The tax amendments provide that a controlled foreign company must now include a portion of a dividend received from an SA company in its net income (based on a formula). A reduction is received for dividend tax already paid. The amendment ensures that any dividends tax suffered on the distribution of such a dividend by the SA company is considered. The SA shareholder will also not be able to benefit from the dividend exemption when receiving a dividend from the foreign company.

Previously, when the SA shareholder sold the foreign share in the controlled foreign company to a non-resident third party, the capital gain was disregarded for taxation purposes. The amendments now provide that an SA resident shall not enjoy a capital gains tax exemption when selling such shares when their value is directly or indirectly attributable to assets in SA.

The 2020 Budget Review outlined far-reaching changes to SA’s exchange control system. Essentially, the Treasury and the Reserve Bank are planning to replace the current system with a more user friendly and transparent capital-flow management framework. The main features of this new framework would look something like this:

  • A shift from the negative-bias framework to a positive one in which all cross-border transactions will be allowed, except for those subject to capital-flow management measures.

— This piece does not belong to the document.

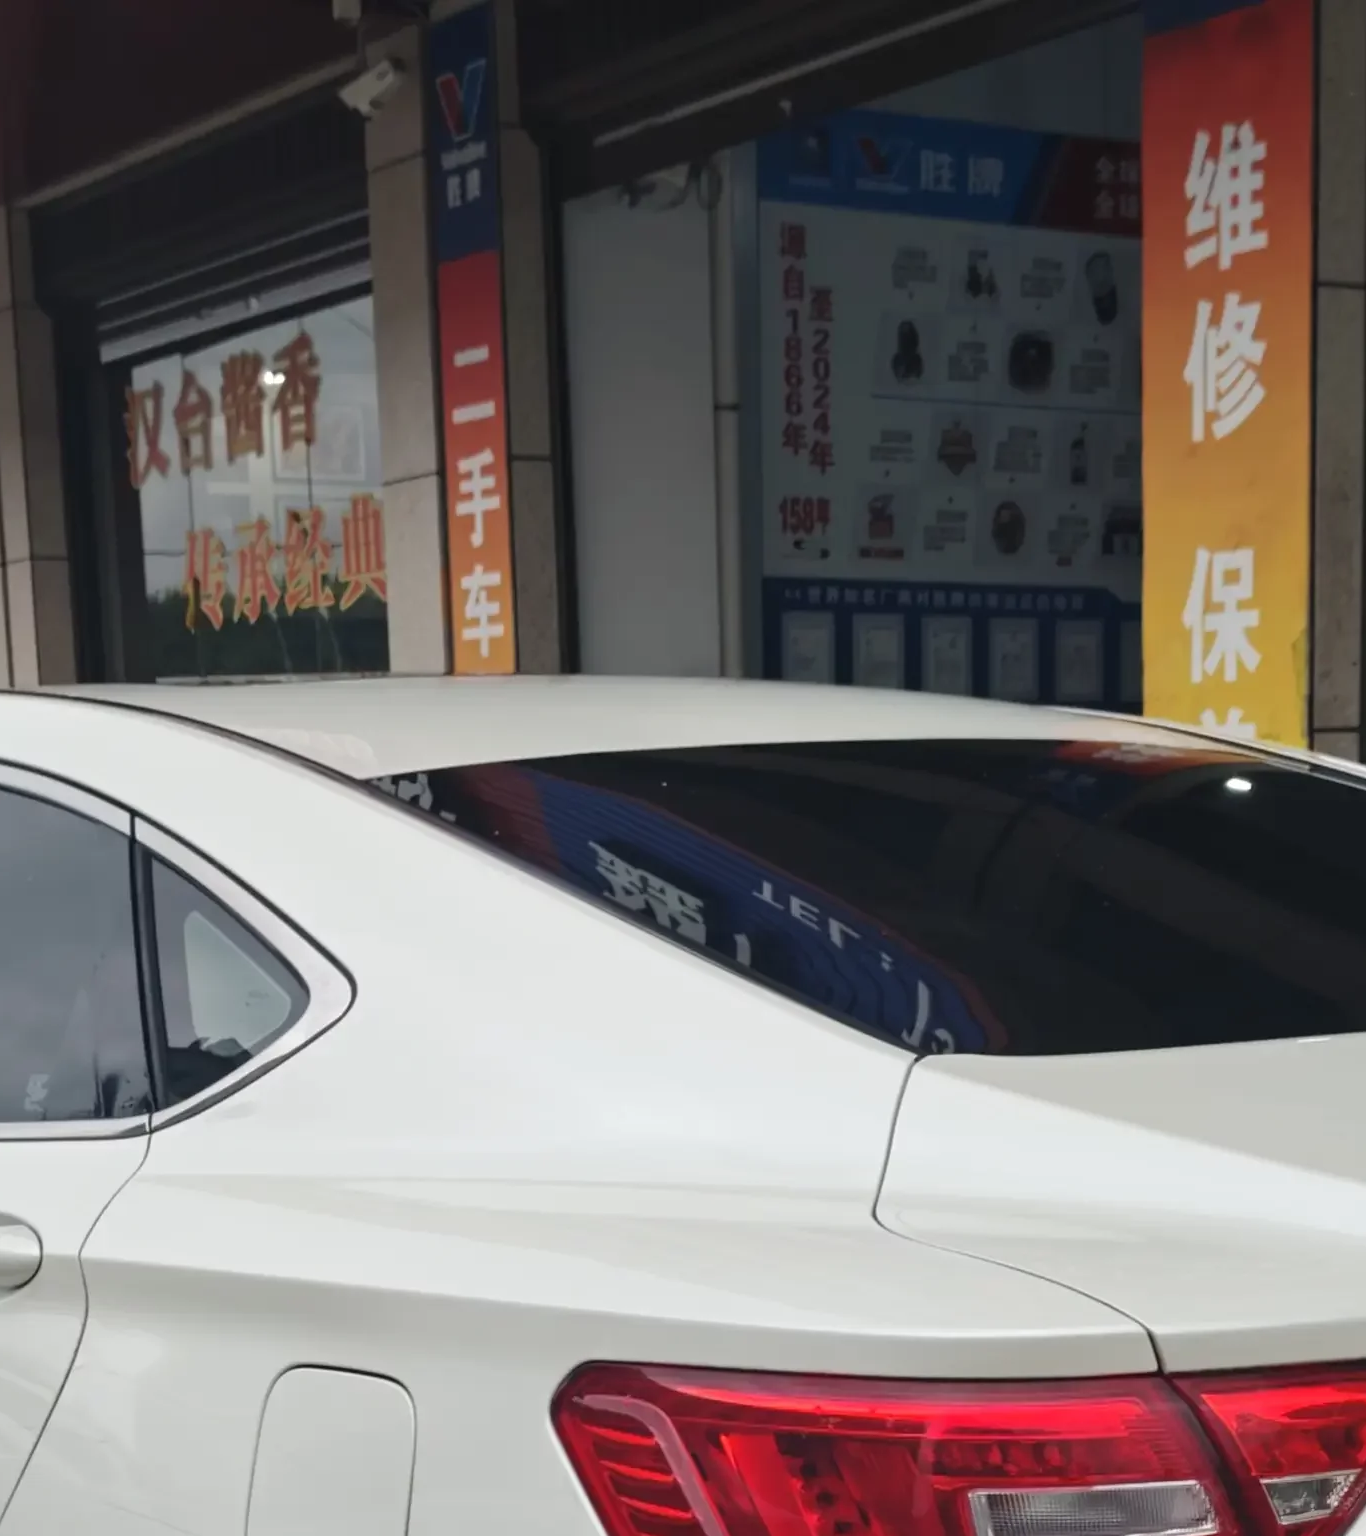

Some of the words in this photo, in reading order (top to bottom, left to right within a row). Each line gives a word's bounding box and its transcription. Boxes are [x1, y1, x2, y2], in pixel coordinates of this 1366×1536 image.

  • A move from exchange controls to capital-flow management measures to regulate cross-border capital flows. This is an important shift as capital-flow measures are recognised across the world as a necessary measure, while exchange controls remain a foreign concept used by only a few countries in the world.

  • A more modern, transparent and risk-based approvals framework.

  • Stronger measures to fight illegitimate, financial cross-border flows and tax evasion.

These changes are squarely in line with global thinking. They also aim, with respect to changes on emigration, to align the treatment of SA residents and emigrants — thereby supporting the mobility of global citizens. Under the new proposals, natural persons (emigrants and SA private individuals) will be treated identically, subject to capital-flow management measures. The aim is to level the playing field between SA private individuals and emigrants, subject to tax obligations being met.

As Mboweni stated in 2020, it is also hoped that the changes will “open up new markets, promote regional integration [in light of SA signing the African Continental Free Trade Area agreement] and contribute to economic growth”.

Broadly speaking, the new exchange control framework has implications for all South Africans, particularly those we refer to as “global citizens” — those with interests abroad and investments offshore. For those making use of the R1m and up to R10m offshore allowances, there will be little change to the current process. Individuals using the annual single discretionary allowance of R1m for foreign investment purposes must provide a tax reference number.

In addition, any use of the annual foreign investment allowance of R10m requires tax clearance in terms of the Sars FIA001 process.

Any foreign investment transfers in excess of R10m would require a special tax-clearance process and would be subjected to a more stringent verification process, much like the current process. However, the verification process is also going to include assurance that the individual complies with anti-money laundering and counter-financing of terror requirements prescribed in the Financial Intelligence Centre Act.

It is important to consider whether these tax changes would have an effect, and to what extent, on any proposed estate planning structure. A fiduciary and structuring discussion should not be held in isolation and can further benefit from investment advice capabilities.

• Robertson is with FNB Global Solutions.